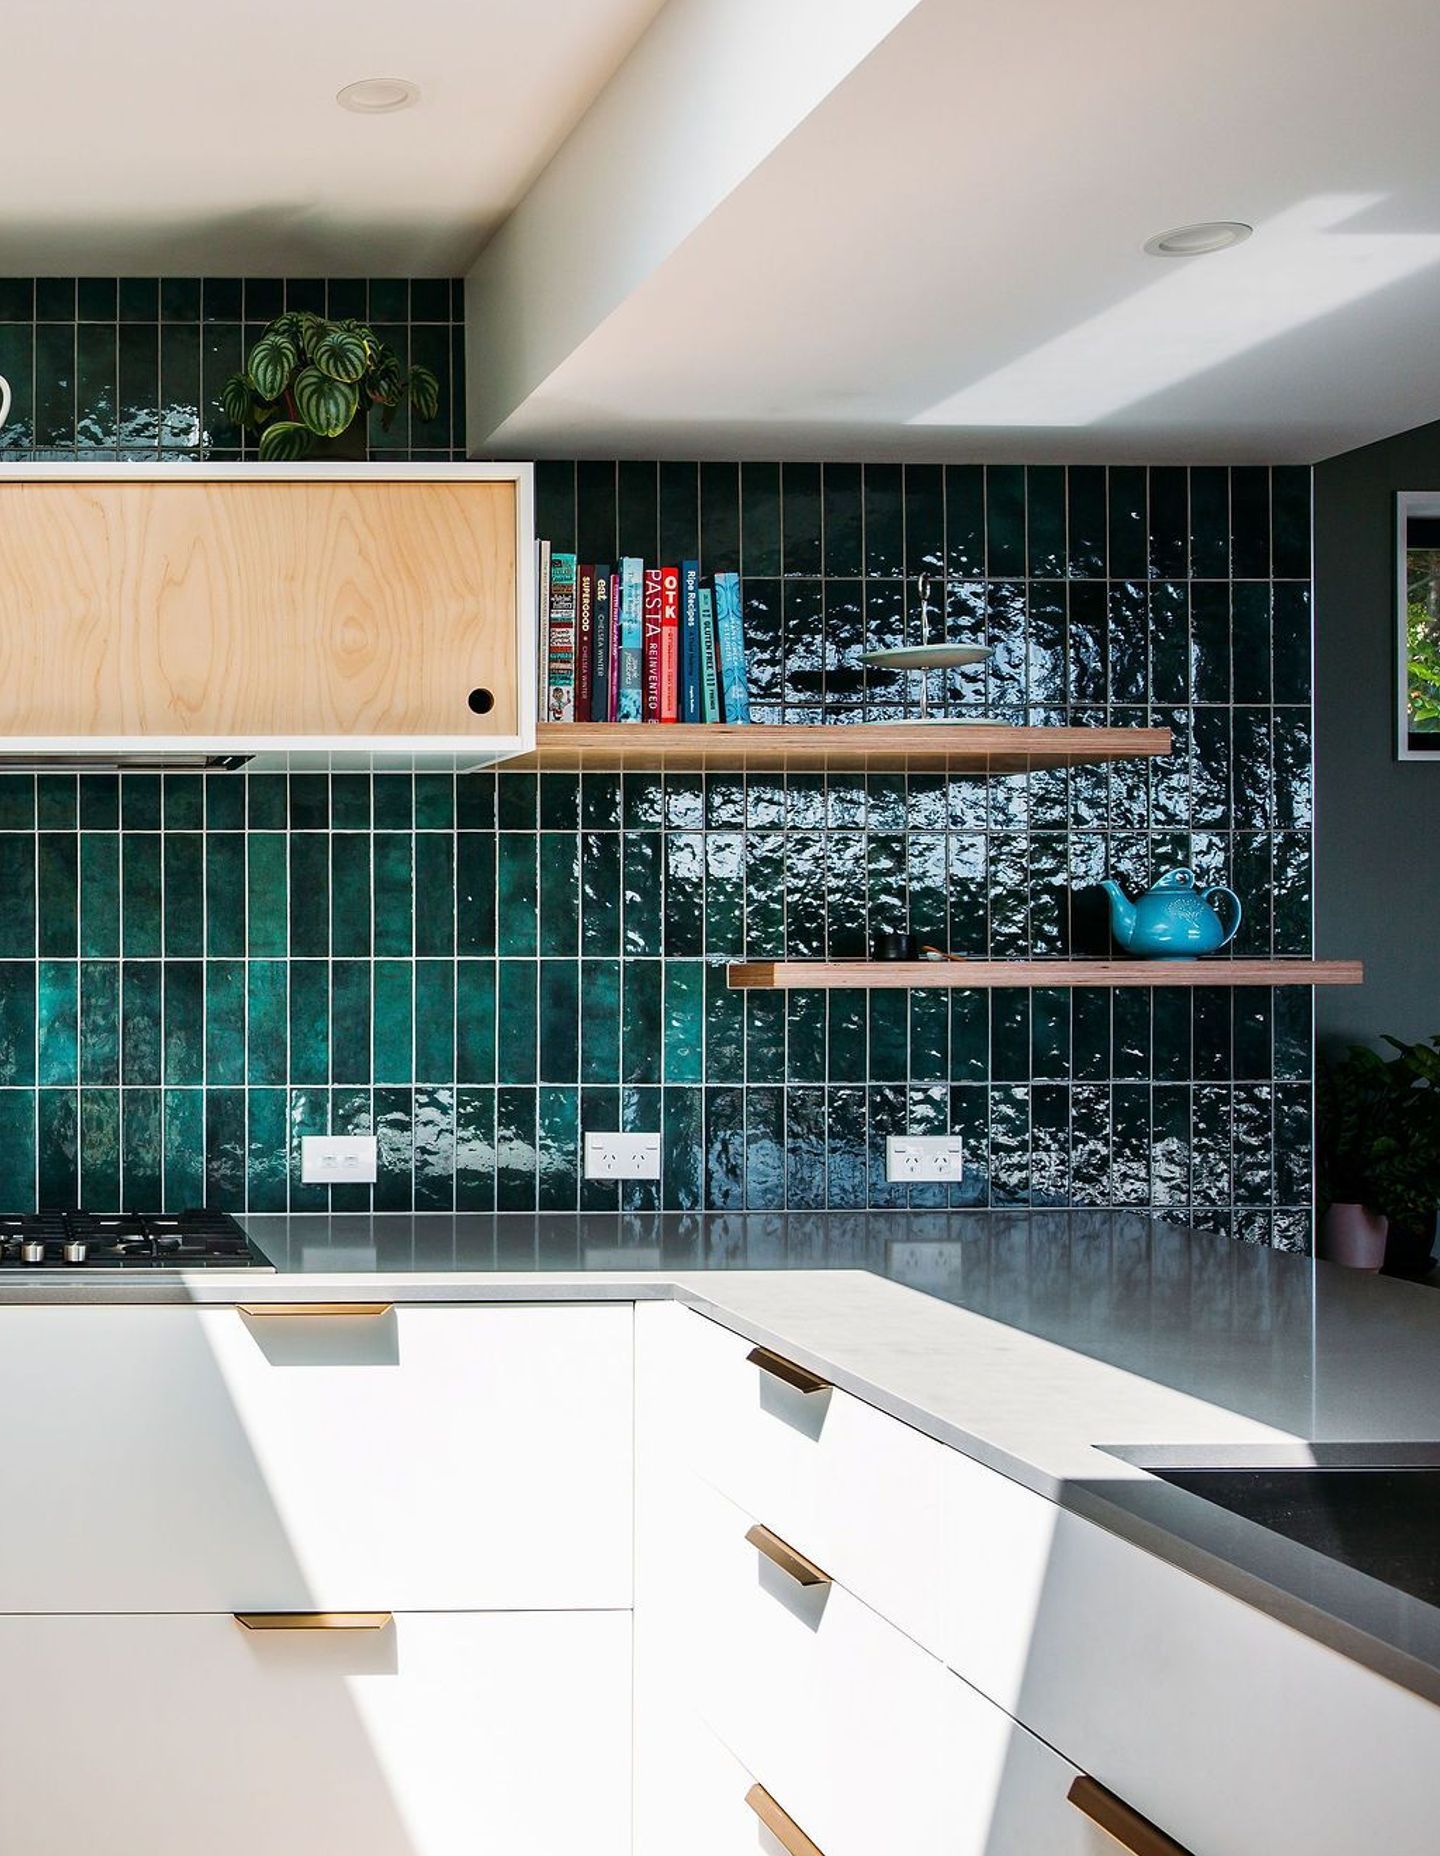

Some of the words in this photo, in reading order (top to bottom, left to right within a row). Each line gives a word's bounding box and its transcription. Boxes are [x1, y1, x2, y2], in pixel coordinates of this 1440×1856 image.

[597, 579, 607, 601] eat
[664, 576, 677, 619] OTK
[687, 571, 696, 591] Ripe
[582, 576, 591, 632] SUPERGOOD
[645, 569, 662, 637] PASTA
[687, 593, 696, 627] Recipes
[597, 613, 605, 647] CHELSEA
[703, 620, 713, 650] GLUTEN
[648, 643, 658, 709] REINVENTED
[706, 651, 714, 671] FREE
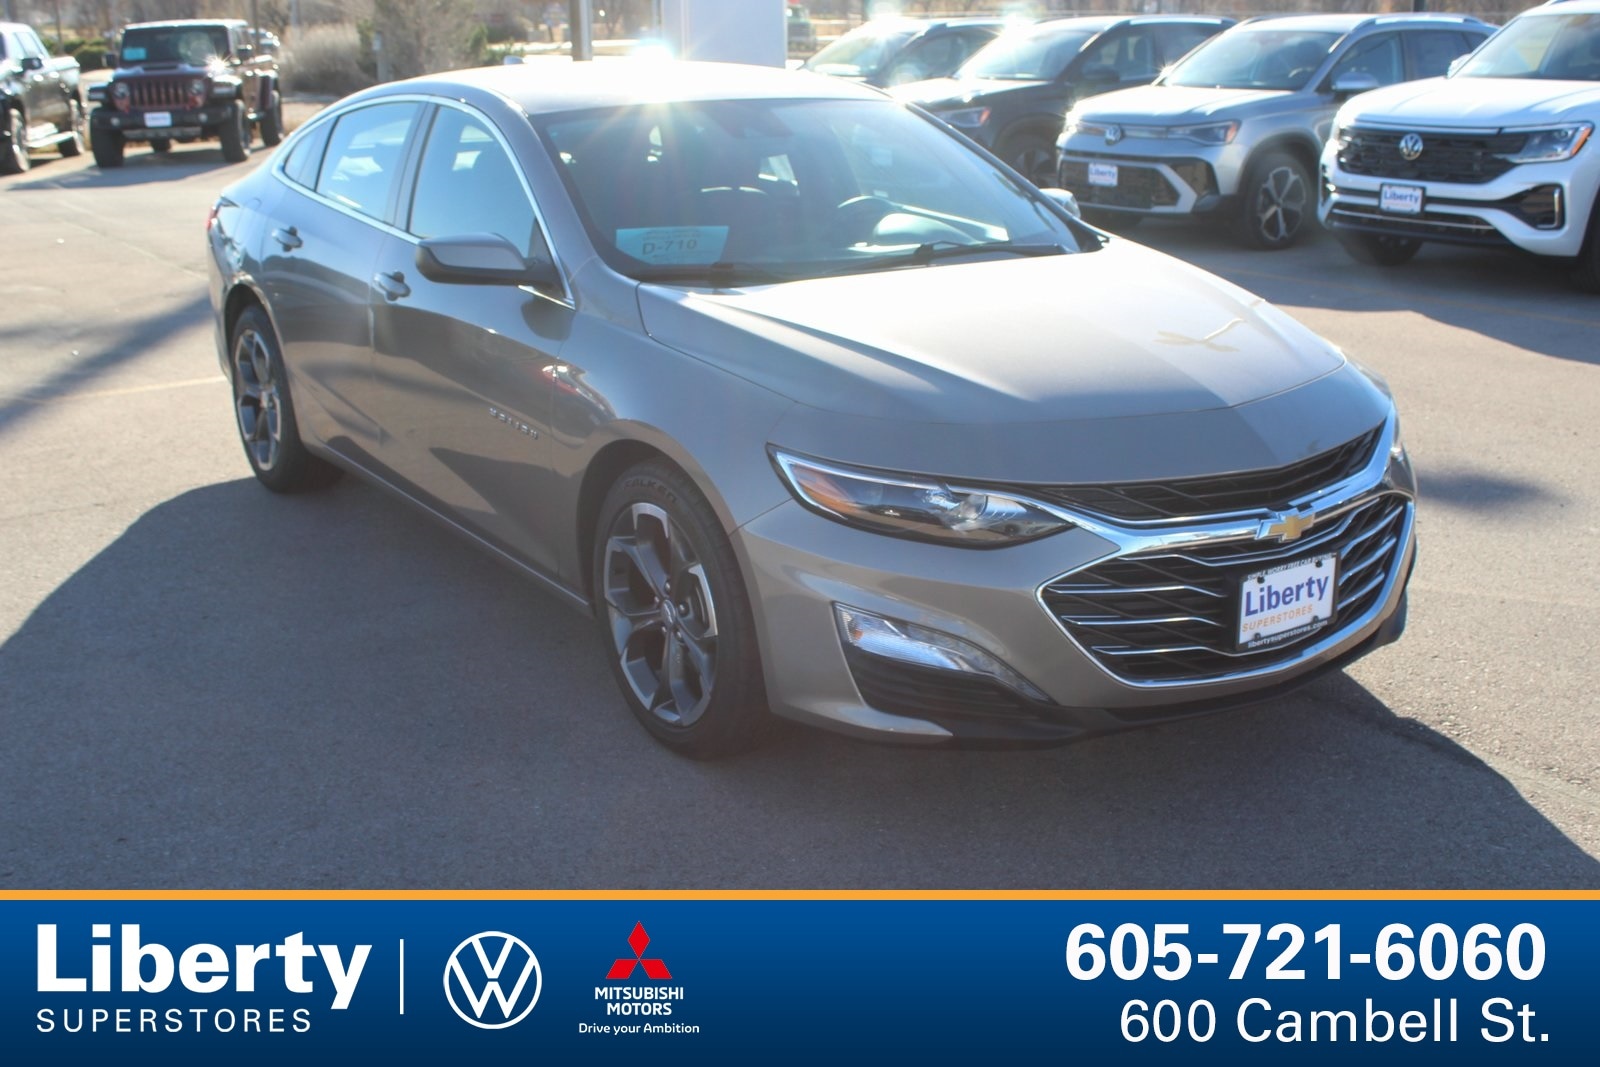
-------------------------
◆ **What you will do**
Set down the material exactly as given, but print none of the pictures.

◆ **Output of the task**
Some of the words in this photo, in reading order (top to bottom, left to right within a row). Each line gives a word's bounding box and its transcription. Boxes are [x1, y1, x2, y2], in pixel coordinates of this 1440×1856 image.

[597, 579, 607, 601] eat
[664, 576, 677, 619] OTK
[687, 571, 696, 591] Ripe
[582, 576, 591, 632] SUPERGOOD
[645, 569, 662, 637] PASTA
[687, 593, 696, 627] Recipes
[597, 613, 605, 647] CHELSEA
[703, 620, 713, 650] GLUTEN
[648, 643, 658, 709] REINVENTED
[706, 651, 714, 671] FREE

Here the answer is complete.